Start of Block

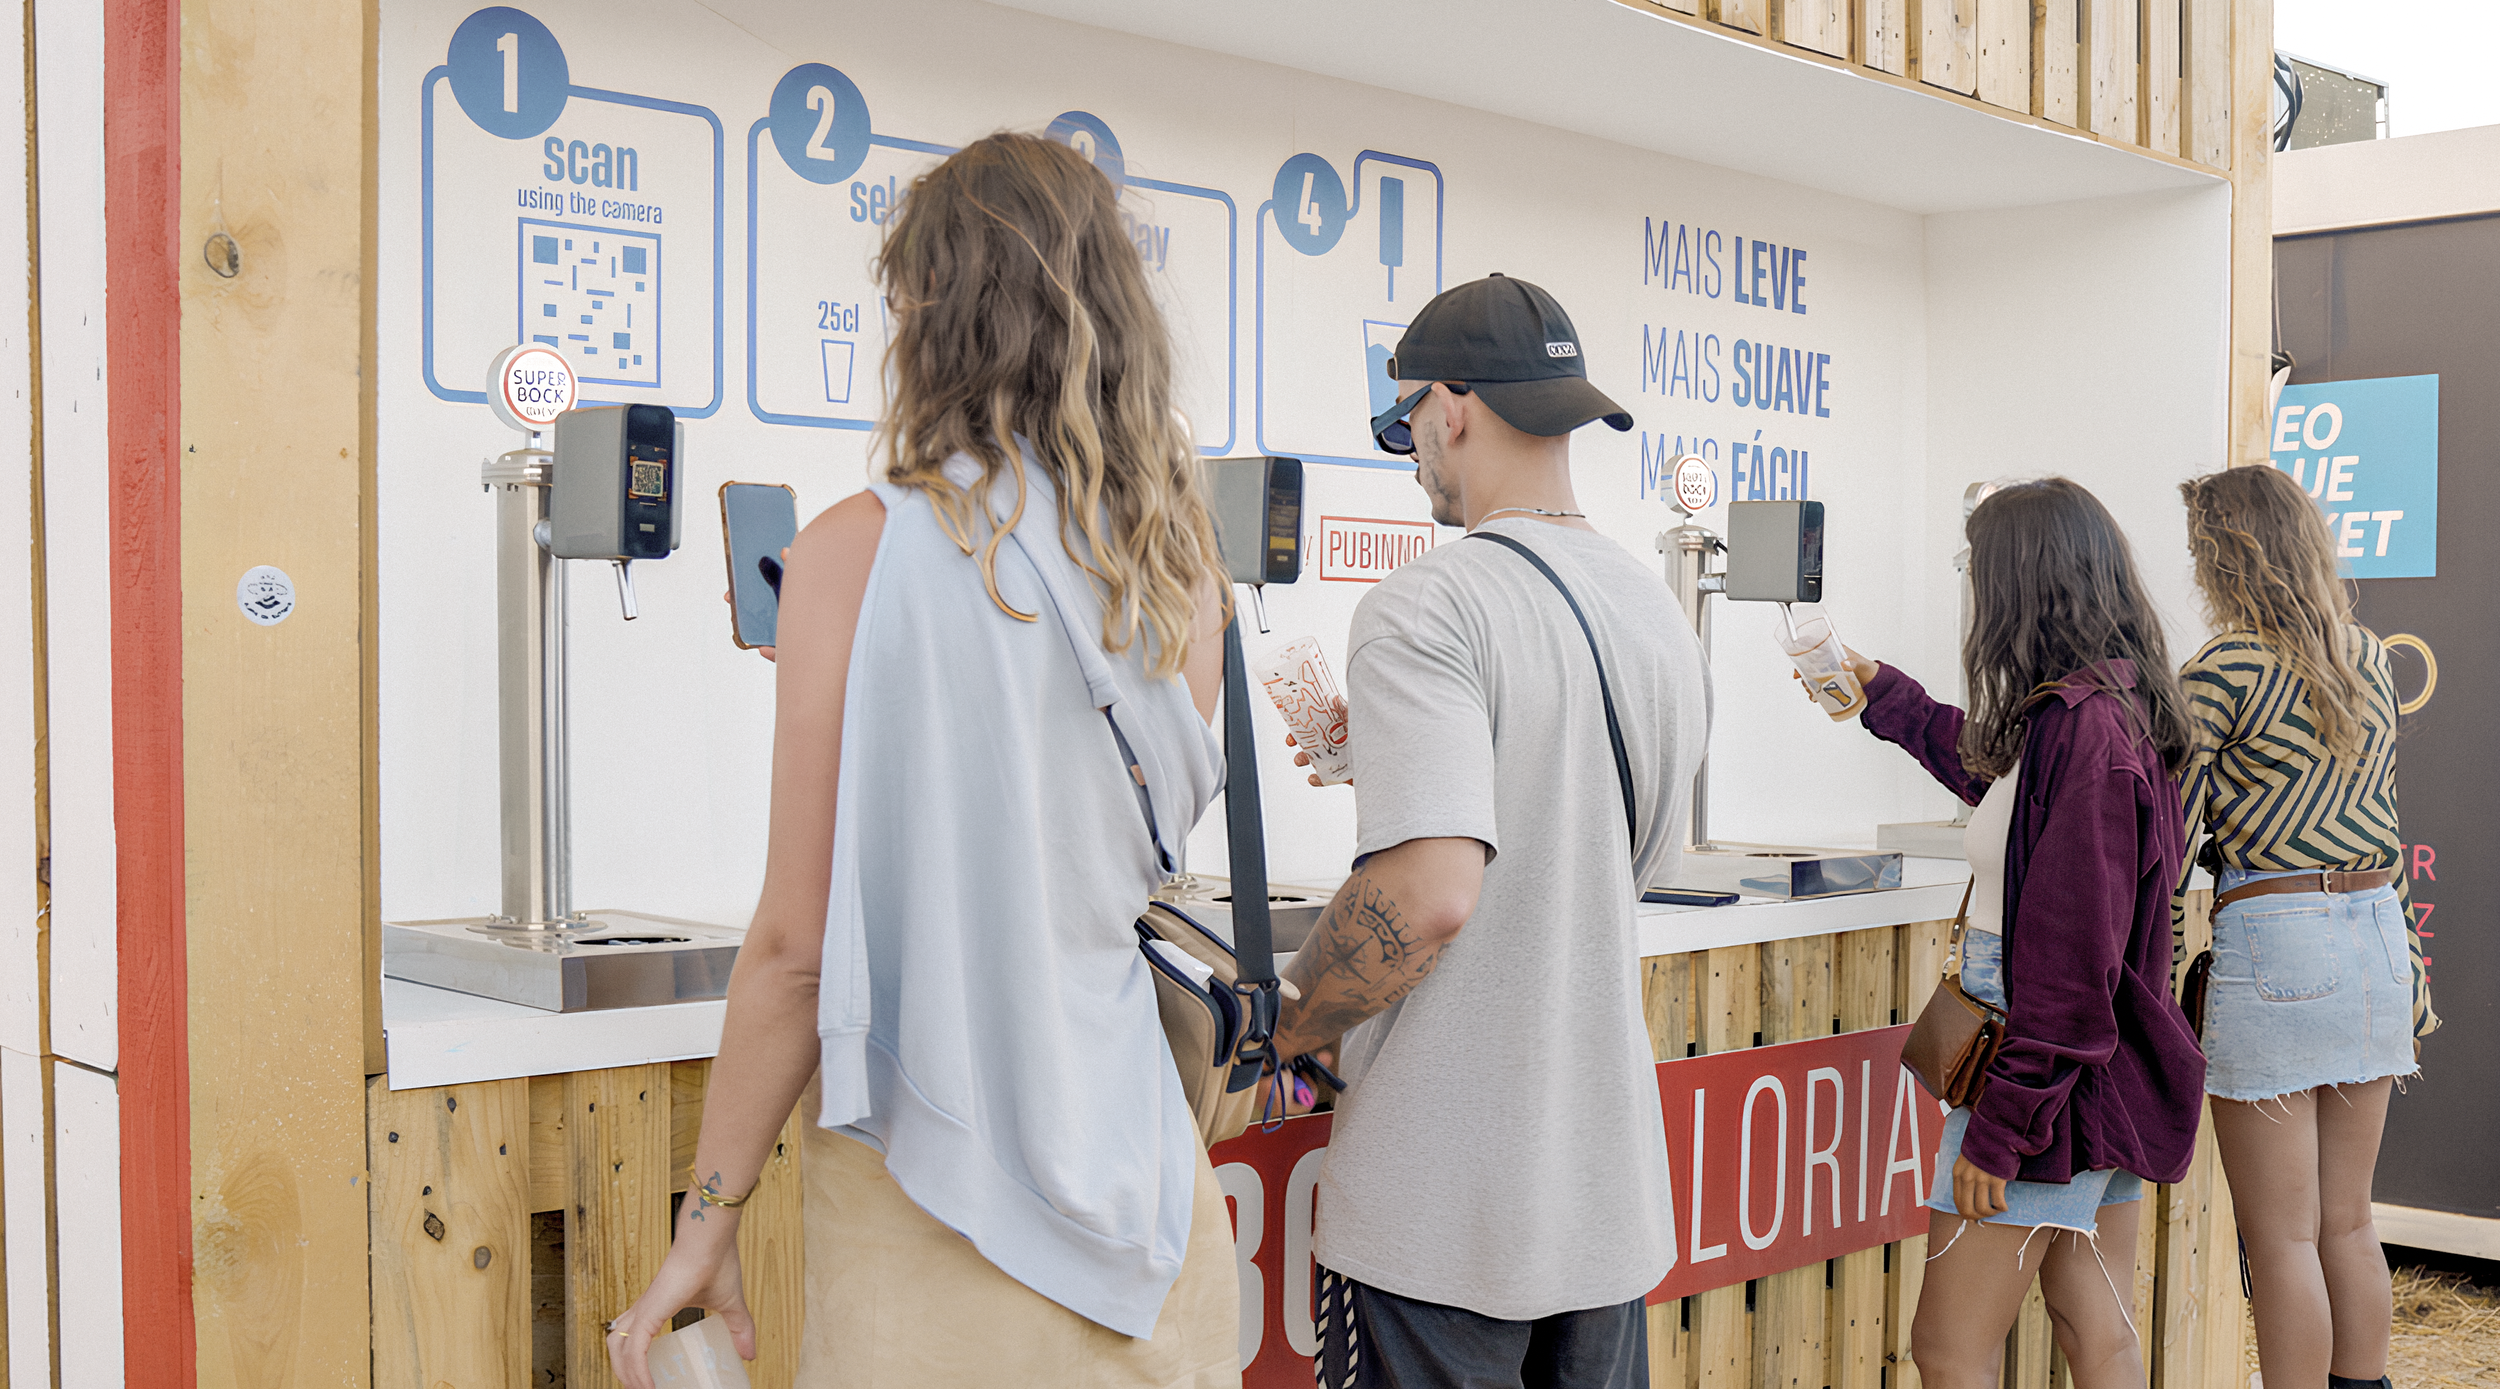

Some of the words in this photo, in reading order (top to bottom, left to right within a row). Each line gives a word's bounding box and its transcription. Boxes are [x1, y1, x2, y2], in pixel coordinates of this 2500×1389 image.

[496, 32, 519, 114] 1
[806, 85, 836, 162] 2
[543, 136, 638, 192] scan
[517, 186, 564, 217] using
[569, 191, 597, 217] the
[601, 198, 663, 225] camera
[1298, 171, 1323, 236] 4
[1644, 216, 1722, 299] MAIS
[1734, 235, 1807, 315] LEVE
[817, 301, 860, 333] 25cl
[513, 369, 567, 386] SUPER
[517, 387, 564, 404] BOCK
[1642, 323, 1721, 403] MAIS
[1732, 338, 1831, 418] SUAVE

End of Block

#### TASK DETAILS
The required output is the listing above reproduced exactly, pictures removed.

#### FINISHED EXERCISE
Some of the words in this photo, in reading order (top to bottom, left to right within a row). Each line gives a word's bounding box and its transcription. Boxes are [x1, y1, x2, y2], in pixel coordinates of this 2500×1389 image.

[496, 32, 519, 114] 1
[806, 85, 836, 162] 2
[543, 136, 638, 192] scan
[517, 186, 564, 217] using
[569, 191, 597, 217] the
[601, 198, 663, 225] camera
[1298, 171, 1323, 236] 4
[1644, 216, 1722, 299] MAIS
[1734, 235, 1807, 315] LEVE
[817, 301, 860, 333] 25cl
[513, 369, 567, 386] SUPER
[517, 387, 564, 404] BOCK
[1642, 323, 1721, 403] MAIS
[1732, 338, 1831, 418] SUAVE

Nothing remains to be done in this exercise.